Exclusive | More mainland Chinese buy insurance policies in Hong Kong, and the watchdog is taking notice
Insurance Authority chairman Moses Cheng has an extraordinary job ahead of him: regulating an insurance industry that has grown enormously thanks to China’s investors
Moses Cheng Mo-chi, the first chairman of Hong Kong’s new Insurance Authority (IA), was already enjoying a beckoning retirement before being called out by the government to establish the insurance watchdog agency.

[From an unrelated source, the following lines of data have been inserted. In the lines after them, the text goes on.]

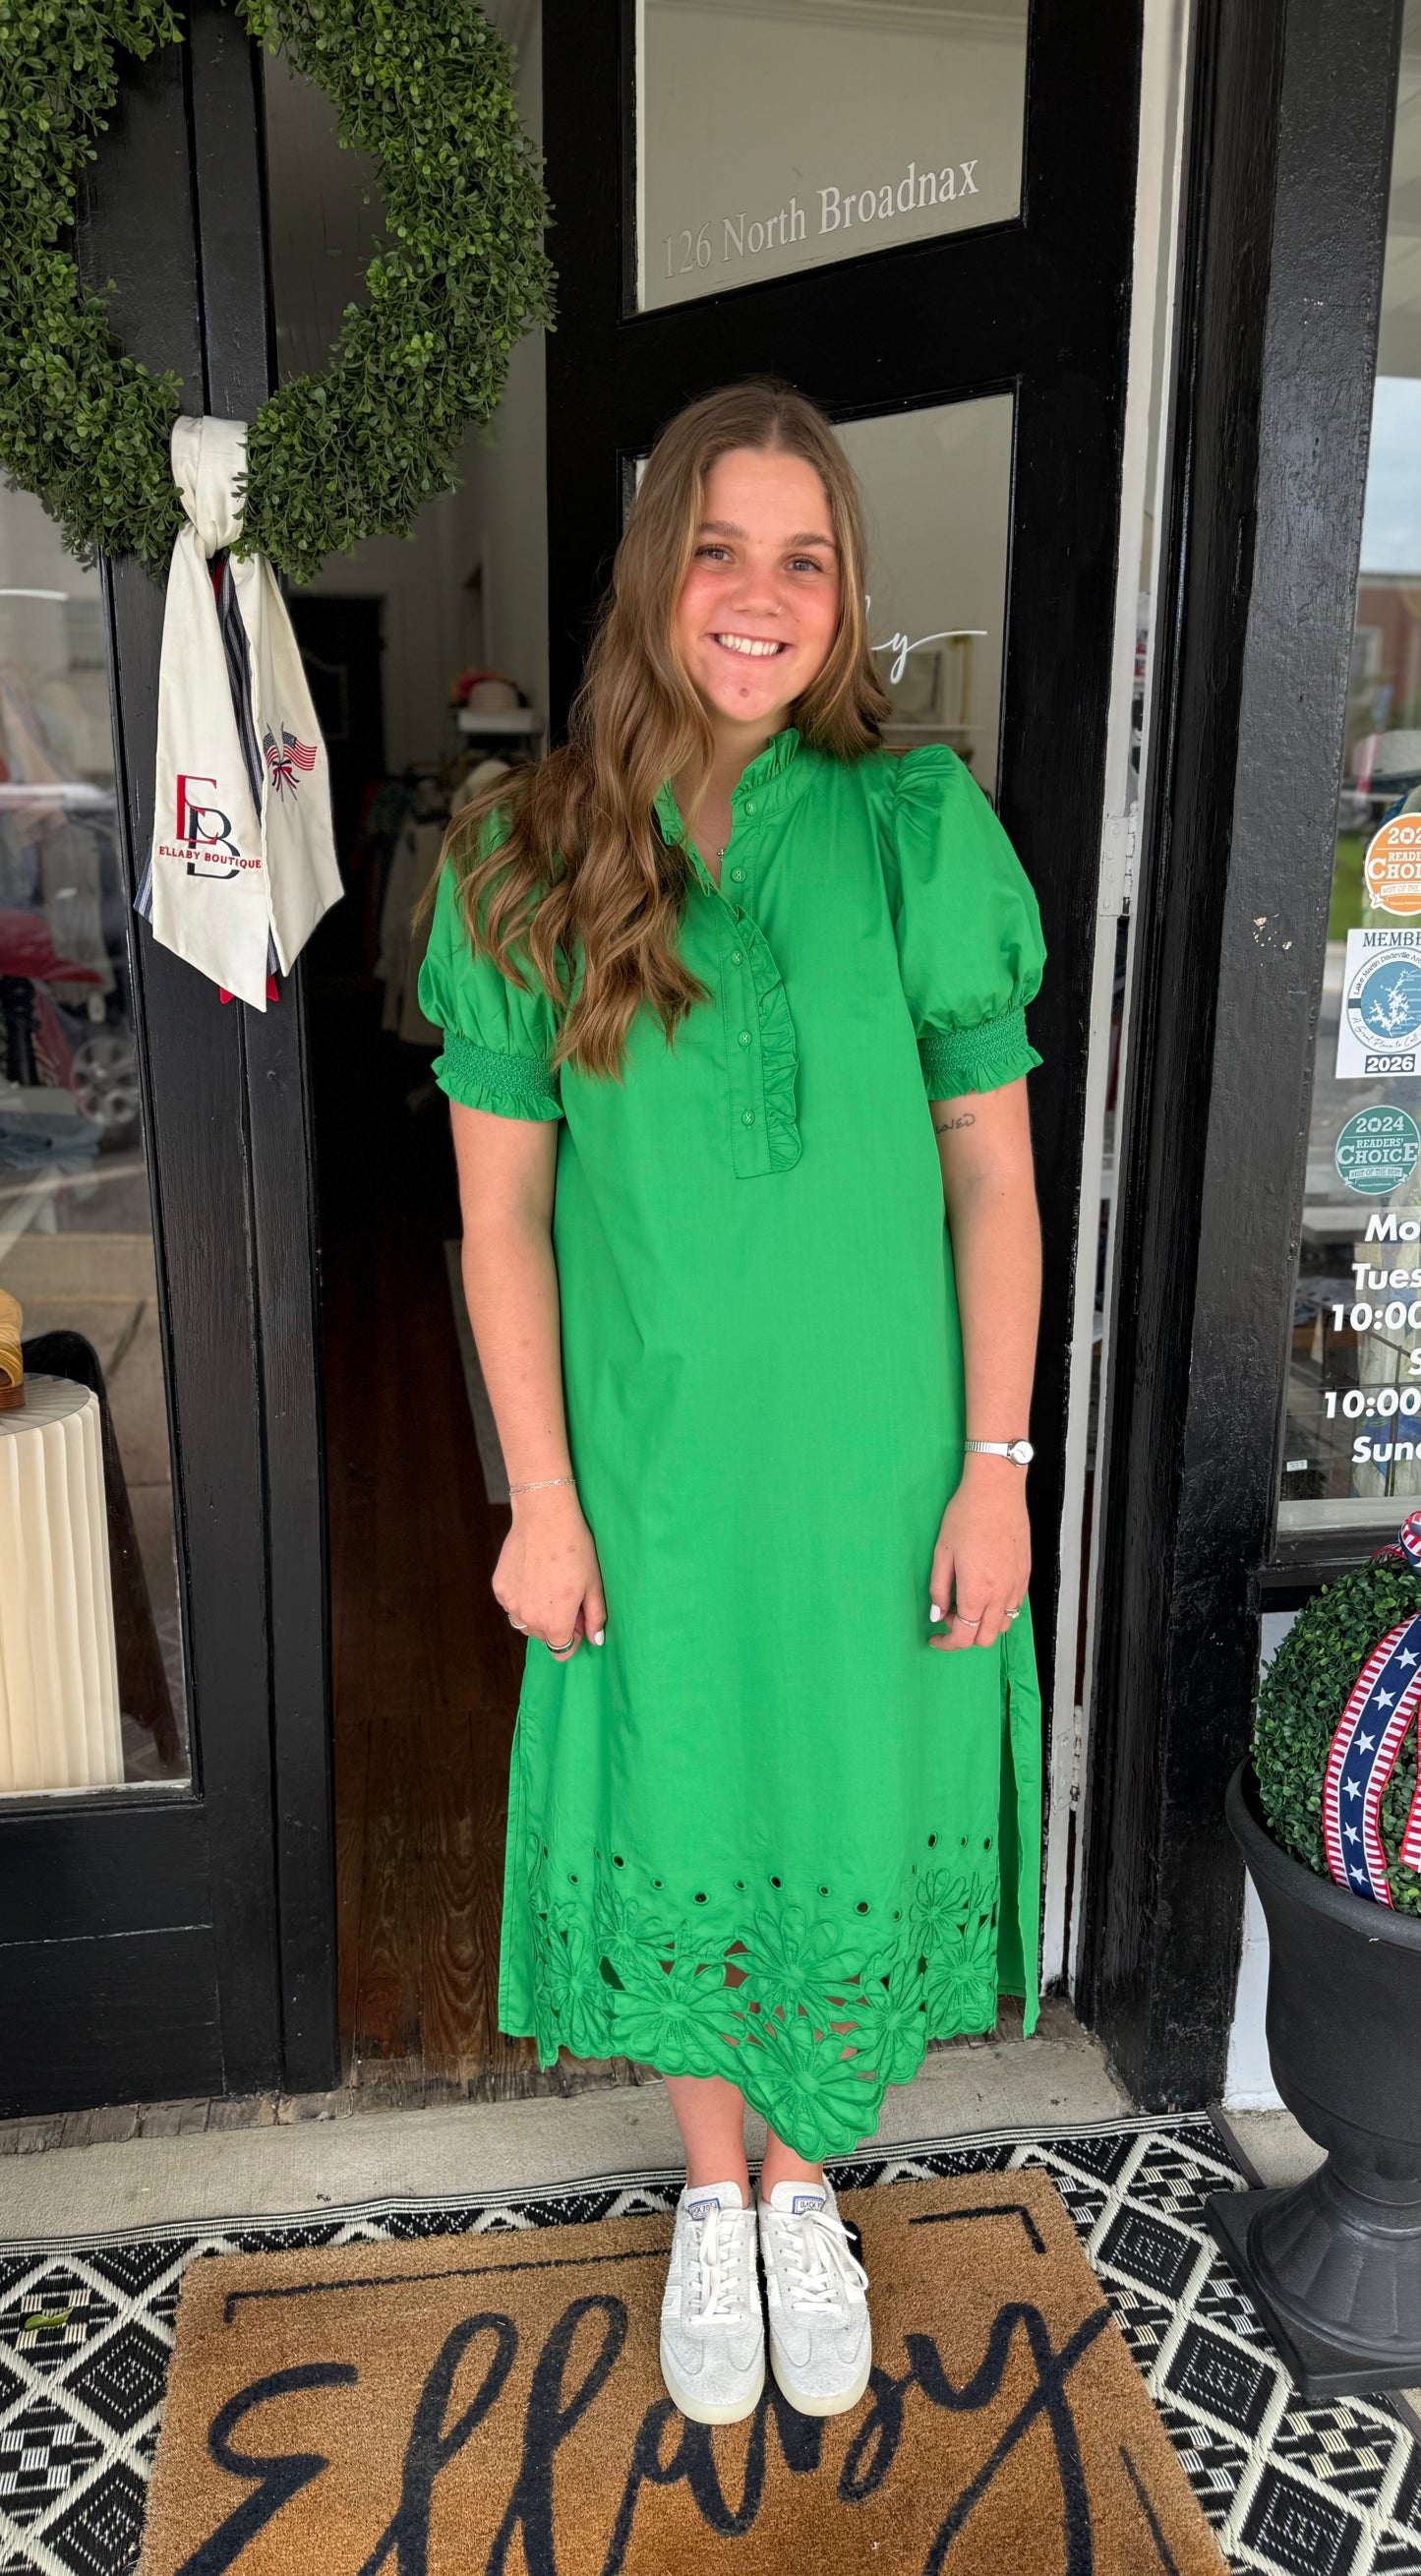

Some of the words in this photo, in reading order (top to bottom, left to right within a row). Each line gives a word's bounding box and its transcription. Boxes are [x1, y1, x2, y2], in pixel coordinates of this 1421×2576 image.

[662, 220, 712, 279] 126
[722, 196, 807, 263] North
[817, 159, 979, 235] Broadnax
[158, 845, 201, 860] ELLABY
[204, 852, 262, 869] BOUTIQUE
[1353, 978, 1365, 995] Lake
[1362, 959, 1381, 978] Martin
[1366, 1056, 1414, 1072] 2026
[1355, 1115, 1404, 1133] 2024
[1336, 1142, 1419, 1165] CHOICE
[1356, 1138, 1404, 1149] READERS'
[1325, 1388, 1421, 1418] 10:00
[1351, 1436, 1421, 1463] Sun

At 67, Cheng has seen a lot of change in the city and in its financial and insurance industry. Cheng was one of the first full time law students to get his degree from Hong Kong University, taking his first job in 1973. Though he retired in 2015, he continued to work as a consultant. Known for his contributions to society and love of the arts, he is the founding chairman of Opera Hong Kong and the Child Development Matching Fund.
The new regulator took over from the Office of the Insurance Commissioner as the regulator for all insurance companies and overseeing about 90,000 insurance sales staff.
It’s no small task. The government debated the creation of such an agency for ten years, as the industry itself exploded. The gross value of insurance policy premiums in 2016 stood at HK$448.8 billion (US$57.5 billion), up 763 per cent from HK$52 billion in 1997, according to government statistics.